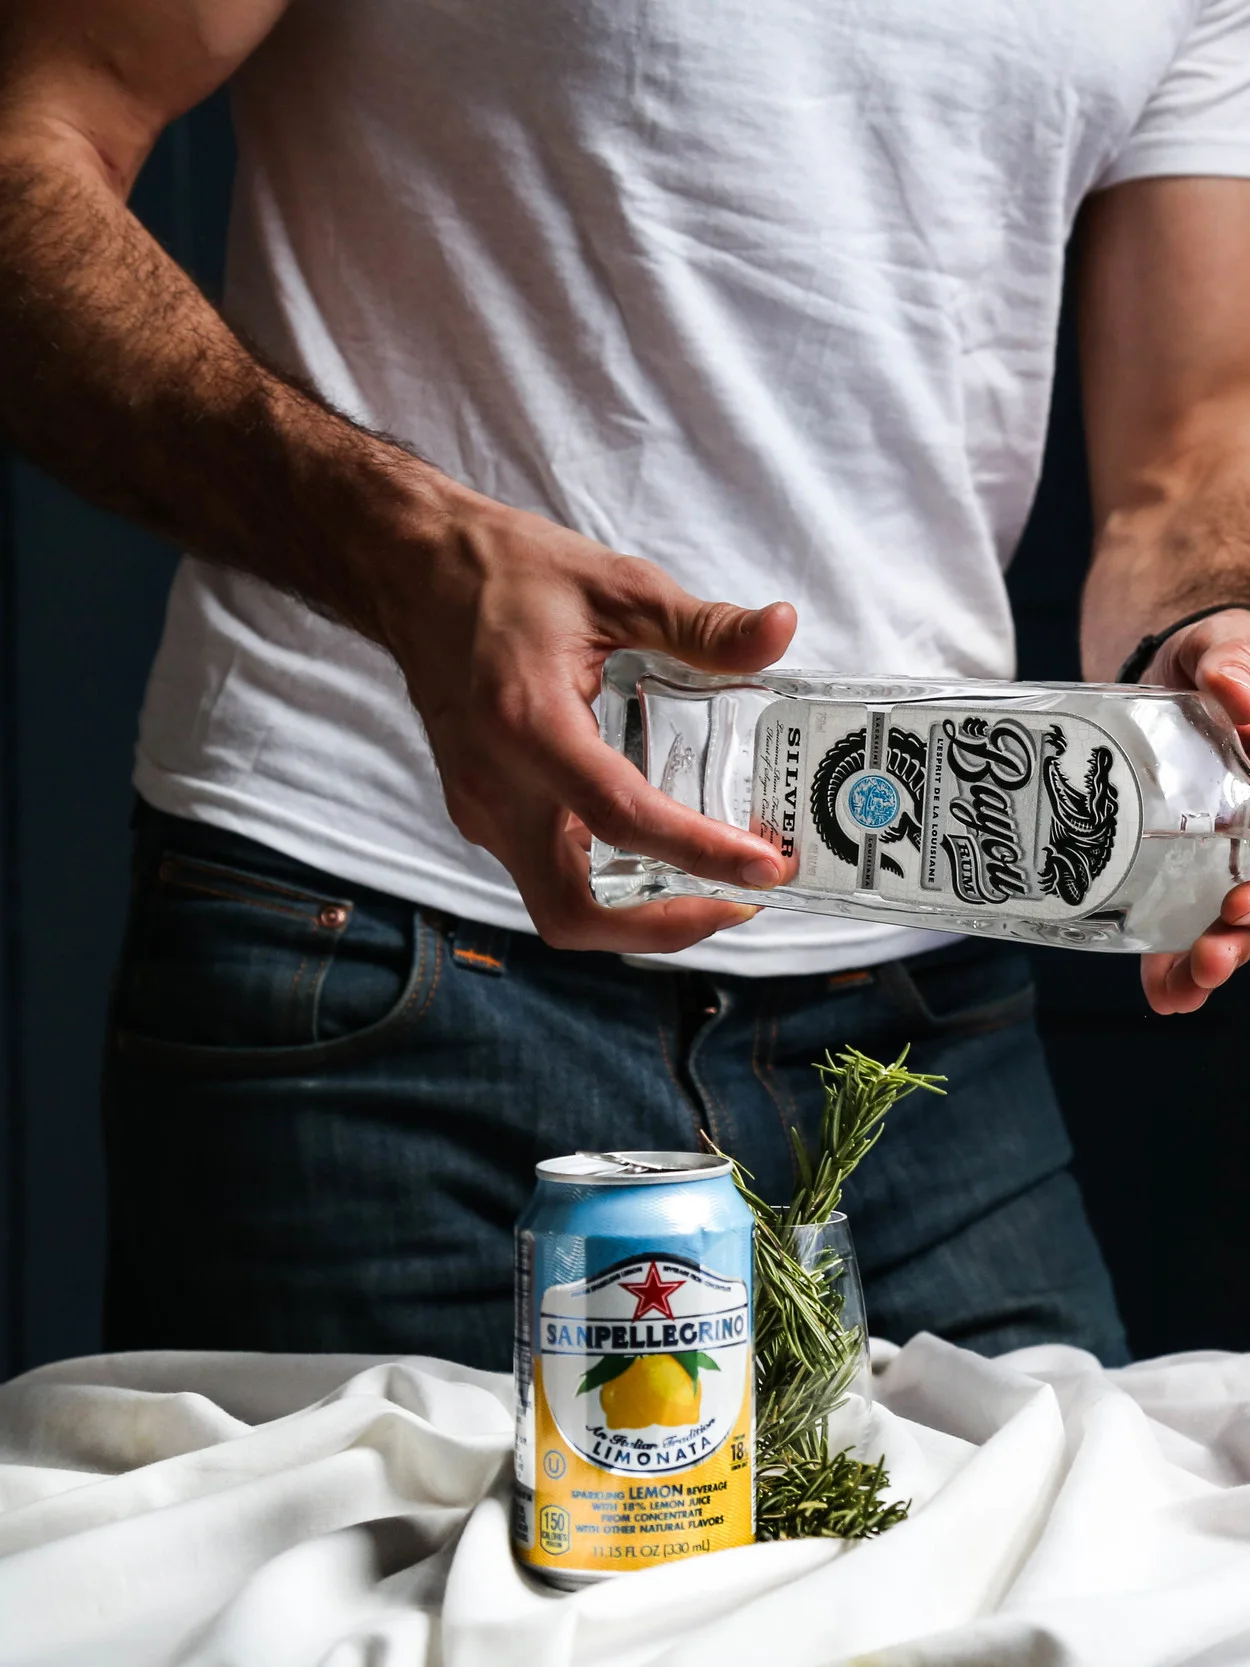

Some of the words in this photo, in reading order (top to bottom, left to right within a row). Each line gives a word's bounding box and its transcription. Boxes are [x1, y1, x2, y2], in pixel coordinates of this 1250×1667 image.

[764, 726, 774, 756] Heart
[773, 720, 784, 765] Louisiana
[934, 738, 944, 784] L'ESPRIT
[759, 767, 771, 796] Sugar
[772, 768, 781, 793] Rum
[781, 727, 801, 858] SILVER
[933, 788, 942, 801] DE
[770, 795, 780, 823] Fresh
[932, 805, 940, 819] LA
[943, 719, 1037, 897] Bayou
[864, 838, 873, 888] LOUISIANA
[928, 824, 938, 883] LOUISIANE
[957, 842, 976, 894] RUM
[546, 1315, 744, 1350] SANPELLEGRINO
[592, 1436, 712, 1466] LIMONATA
[629, 1484, 684, 1500] LEMON
[686, 1481, 728, 1496] BEVERAGE
[650, 1499, 685, 1510] LEMON
[688, 1495, 711, 1507] JUICE
[544, 1511, 565, 1532] 150
[601, 1514, 630, 1523] FROM
[634, 1508, 703, 1523] CONCENTRATE
[603, 1524, 636, 1534] OTHER
[640, 1522, 685, 1534] NATURAL
[688, 1515, 724, 1528] FLAVORS
[640, 1544, 661, 1557] OZ

======

--- Exercise goal ---
Be exact. Write out all the entries and omit the pictures.

--- Result below ---
Some of the words in this photo, in reading order (top to bottom, left to right within a row). Each line gives a word's bounding box and its transcription. Boxes are [x1, y1, x2, y2], in pixel coordinates of this 1250×1667 image.

[764, 726, 774, 756] Heart
[773, 720, 784, 765] Louisiana
[934, 738, 944, 784] L'ESPRIT
[759, 767, 771, 796] Sugar
[772, 768, 781, 793] Rum
[781, 727, 801, 858] SILVER
[933, 788, 942, 801] DE
[770, 795, 780, 823] Fresh
[932, 805, 940, 819] LA
[943, 719, 1037, 897] Bayou
[864, 838, 873, 888] LOUISIANA
[928, 824, 938, 883] LOUISIANE
[957, 842, 976, 894] RUM
[546, 1315, 744, 1350] SANPELLEGRINO
[592, 1436, 712, 1466] LIMONATA
[629, 1484, 684, 1500] LEMON
[686, 1481, 728, 1496] BEVERAGE
[650, 1499, 685, 1510] LEMON
[688, 1495, 711, 1507] JUICE
[544, 1511, 565, 1532] 150
[601, 1514, 630, 1523] FROM
[634, 1508, 703, 1523] CONCENTRATE
[603, 1524, 636, 1534] OTHER
[640, 1522, 685, 1534] NATURAL
[688, 1515, 724, 1528] FLAVORS
[640, 1544, 661, 1557] OZ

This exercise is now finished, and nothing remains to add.